- **Activity**
Although the records contain pictures, only their text should be set down, exactly as written.

- **Stored data entries**
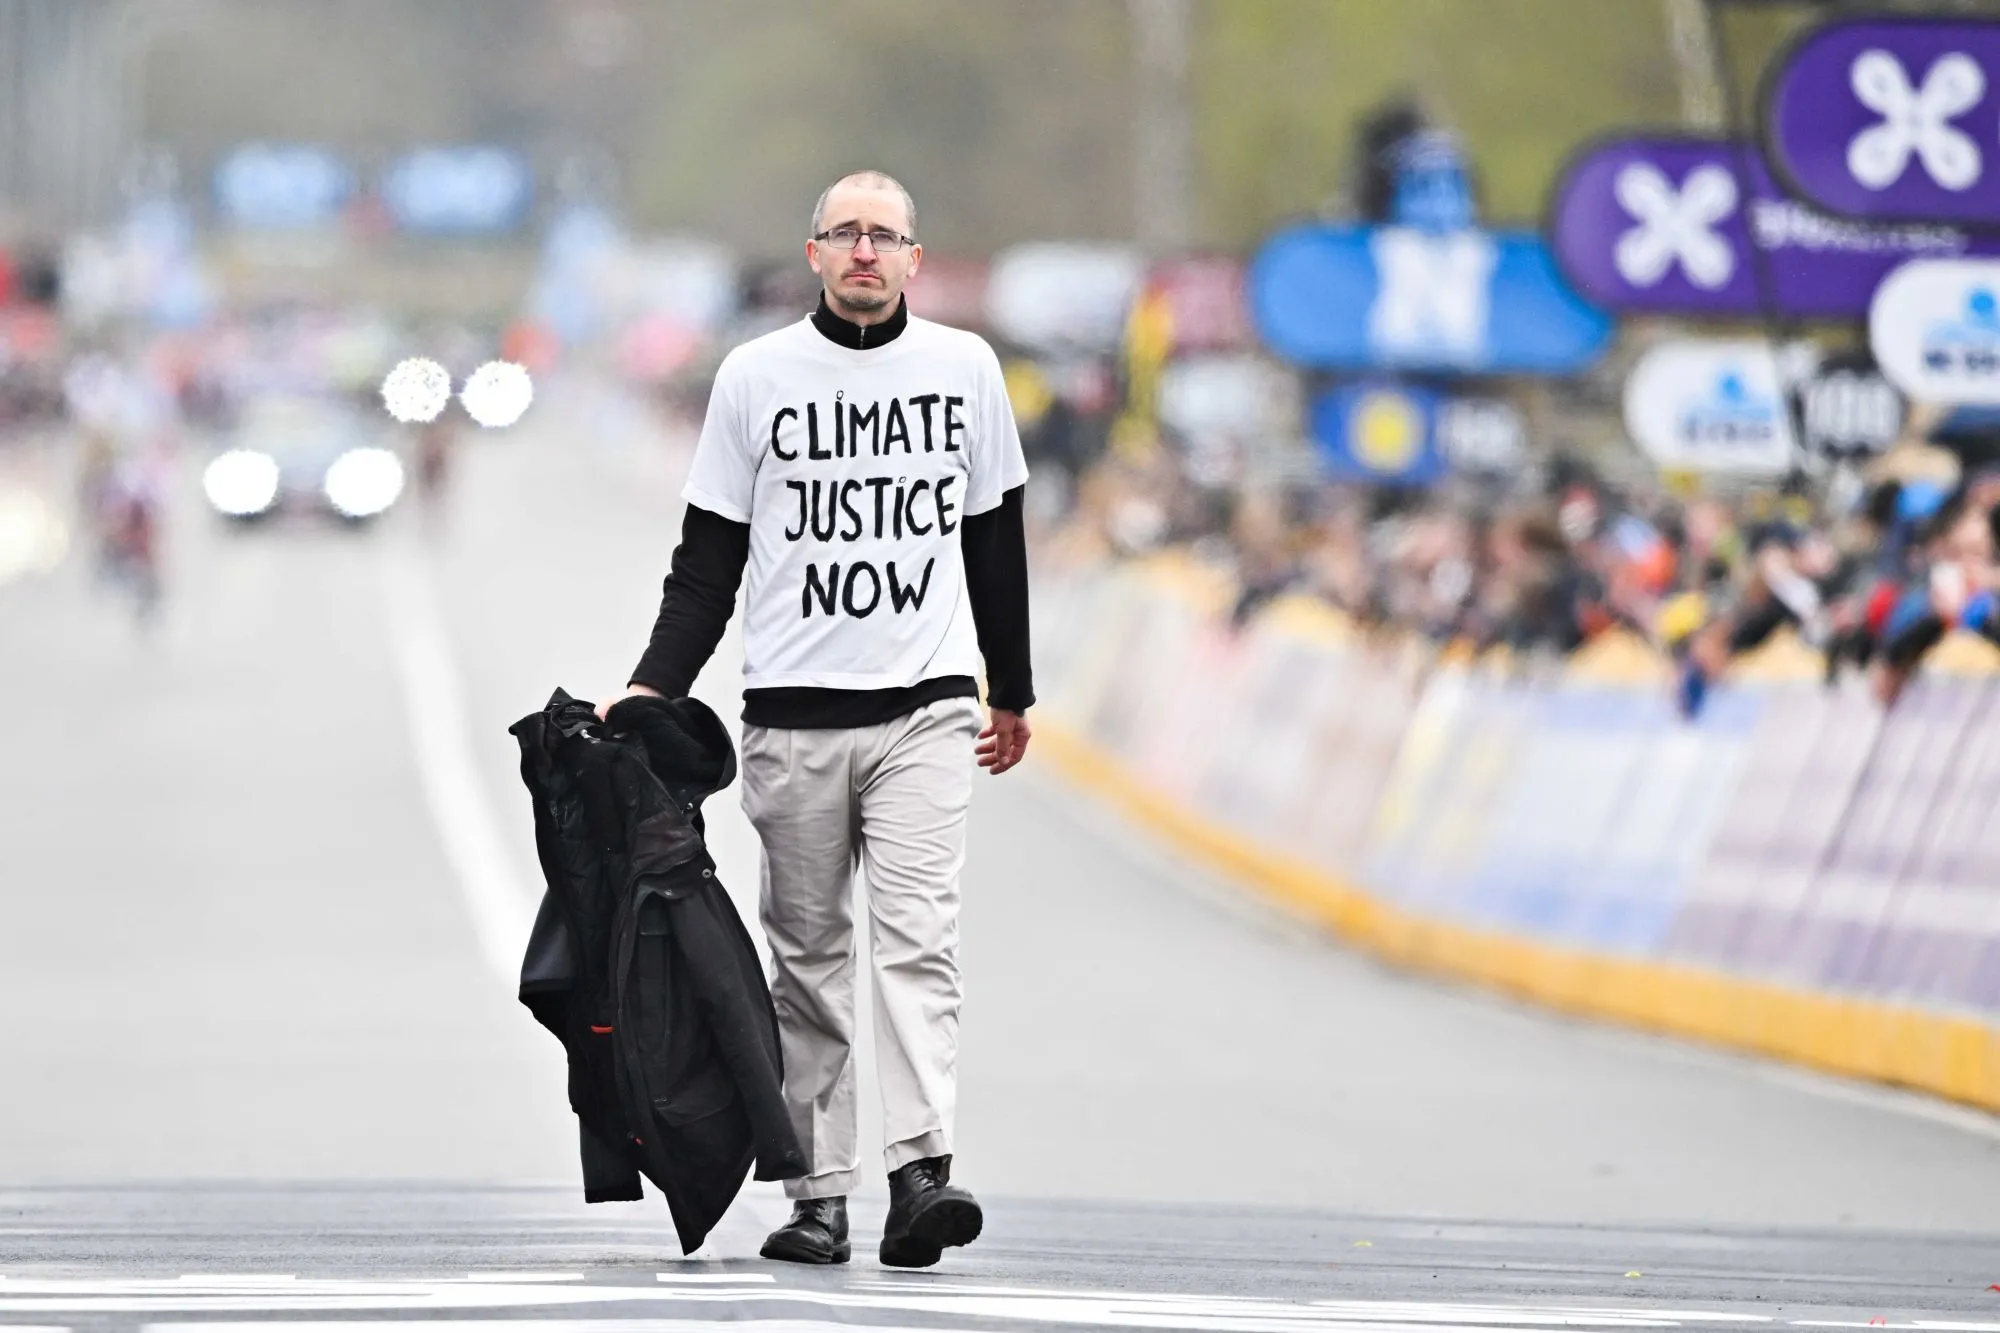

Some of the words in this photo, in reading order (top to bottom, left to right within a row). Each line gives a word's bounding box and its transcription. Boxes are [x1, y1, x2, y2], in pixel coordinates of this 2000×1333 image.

[771, 390, 965, 461] CLIMATE
[785, 475, 957, 542] JUSTICE
[802, 557, 935, 619] NOW
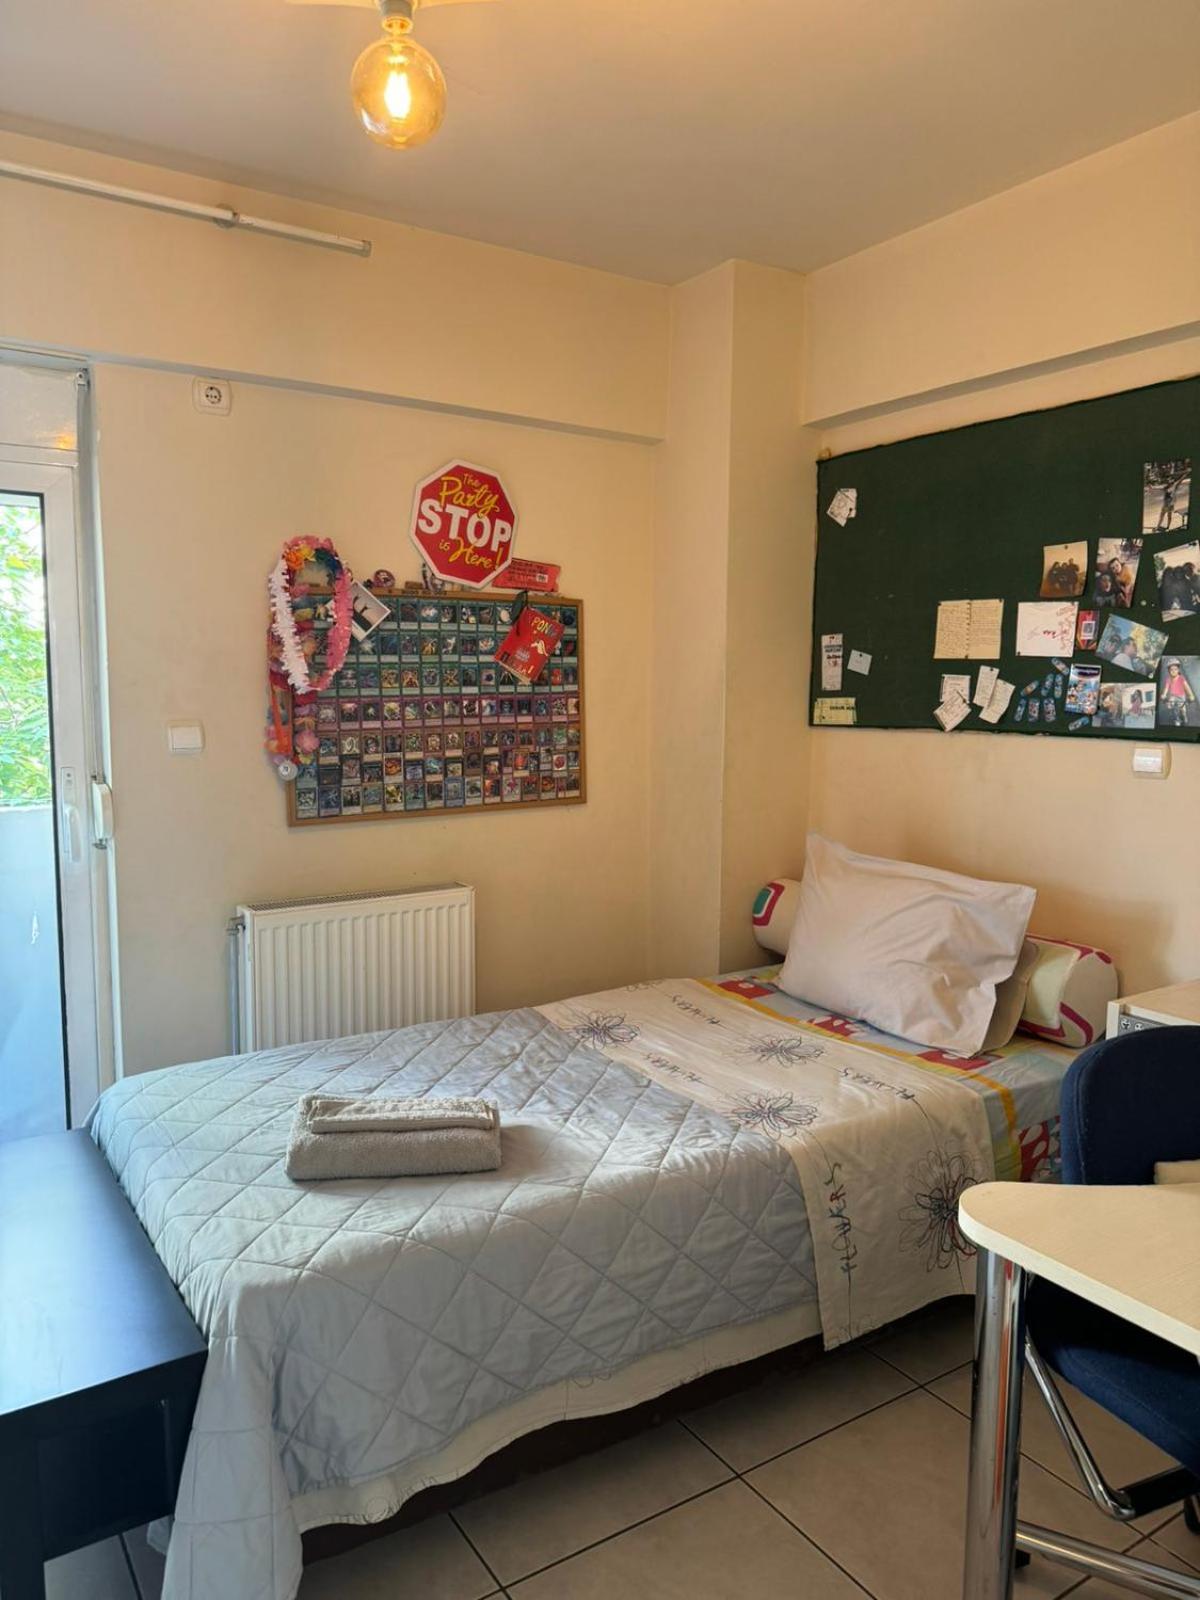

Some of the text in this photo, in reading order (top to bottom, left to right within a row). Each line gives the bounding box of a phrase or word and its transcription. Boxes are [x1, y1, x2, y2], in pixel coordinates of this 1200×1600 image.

[439, 475, 500, 519] Party
[462, 472, 482, 488] The
[418, 499, 512, 552] STOP
[438, 535, 503, 572] is Here!
[824, 1161, 857, 1274] FLOWERS
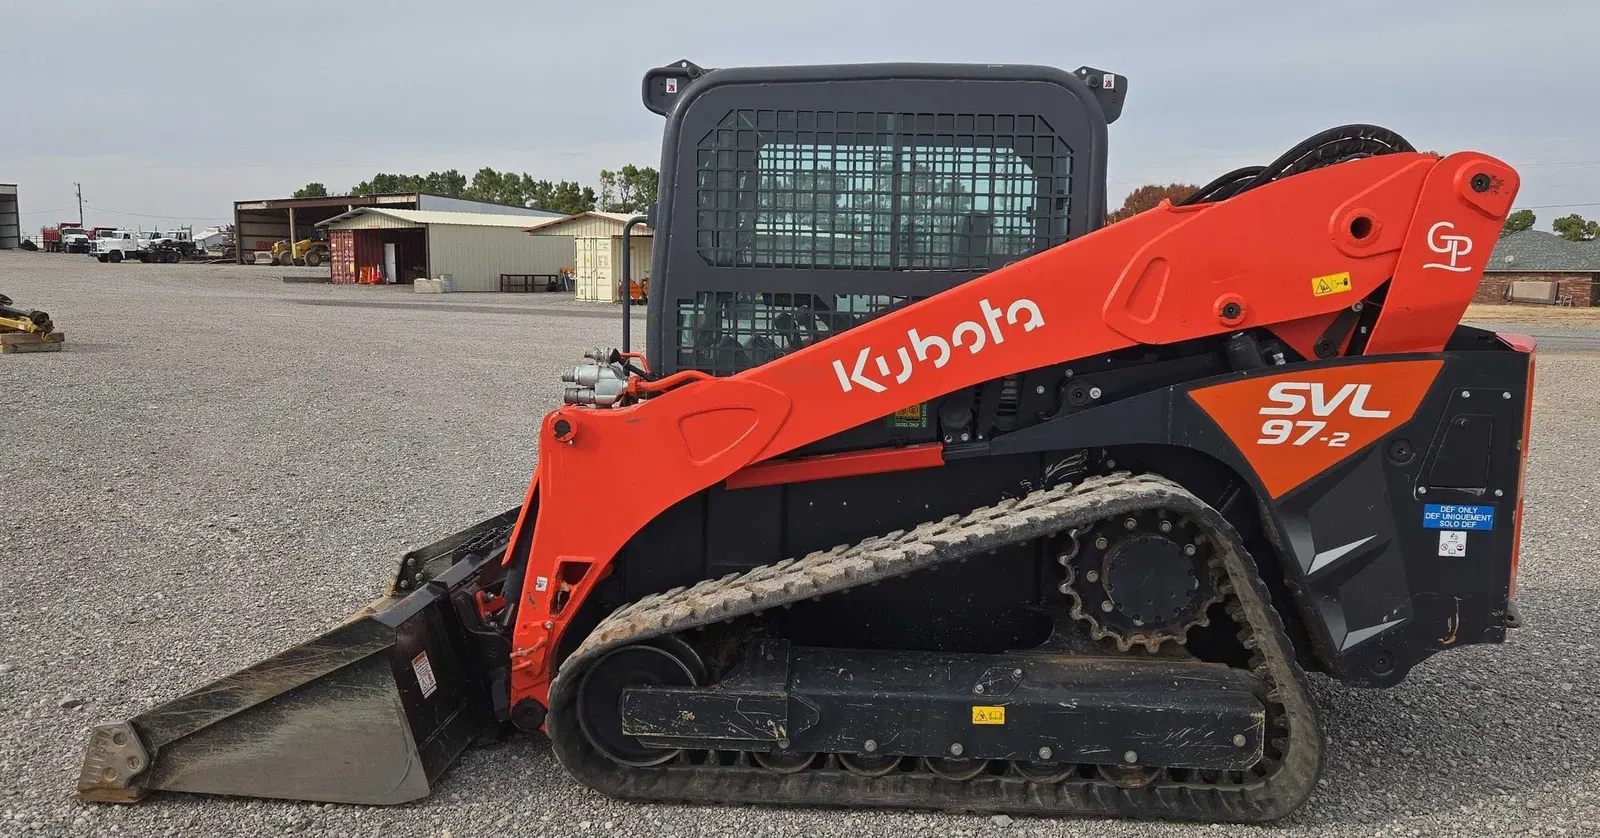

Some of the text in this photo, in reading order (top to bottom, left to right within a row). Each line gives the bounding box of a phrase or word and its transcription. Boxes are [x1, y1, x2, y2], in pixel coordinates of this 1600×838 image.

[832, 298, 1045, 393] Kubota
[1258, 382, 1391, 418] SVL
[1256, 419, 1350, 447] 97-2

- **Exercise output**
Some of the words in this photo, in reading order (top to bottom, left to right within a row). Each line gives a word's bounding box and its transcription. Boxes are [x1, y1, x2, y2], in pixel coordinates of this 2000×1333 image.

[771, 390, 965, 461] CLIMATE
[785, 475, 957, 542] JUSTICE
[802, 557, 935, 619] NOW

Some of the text in this photo, in reading order (top to bottom, left to right within a row). Each line gives the bounding box of a phrase or word and its transcription. Boxes are [x1, y1, x2, y2], in pixel coordinates of this 1200×1600 image.

[439, 475, 500, 519] Party
[462, 472, 482, 488] The
[418, 499, 512, 552] STOP
[438, 535, 503, 572] is Here!
[824, 1161, 857, 1274] FLOWERS

Some of the text in this photo, in reading order (top to bottom, left to right within a row). Each line gives the bounding box of a phrase or word and its transcription. Boxes are [x1, y1, x2, y2], in pixel coordinates of this 1600×838 image.

[832, 298, 1045, 393] Kubota
[1258, 382, 1391, 418] SVL
[1256, 419, 1350, 447] 97-2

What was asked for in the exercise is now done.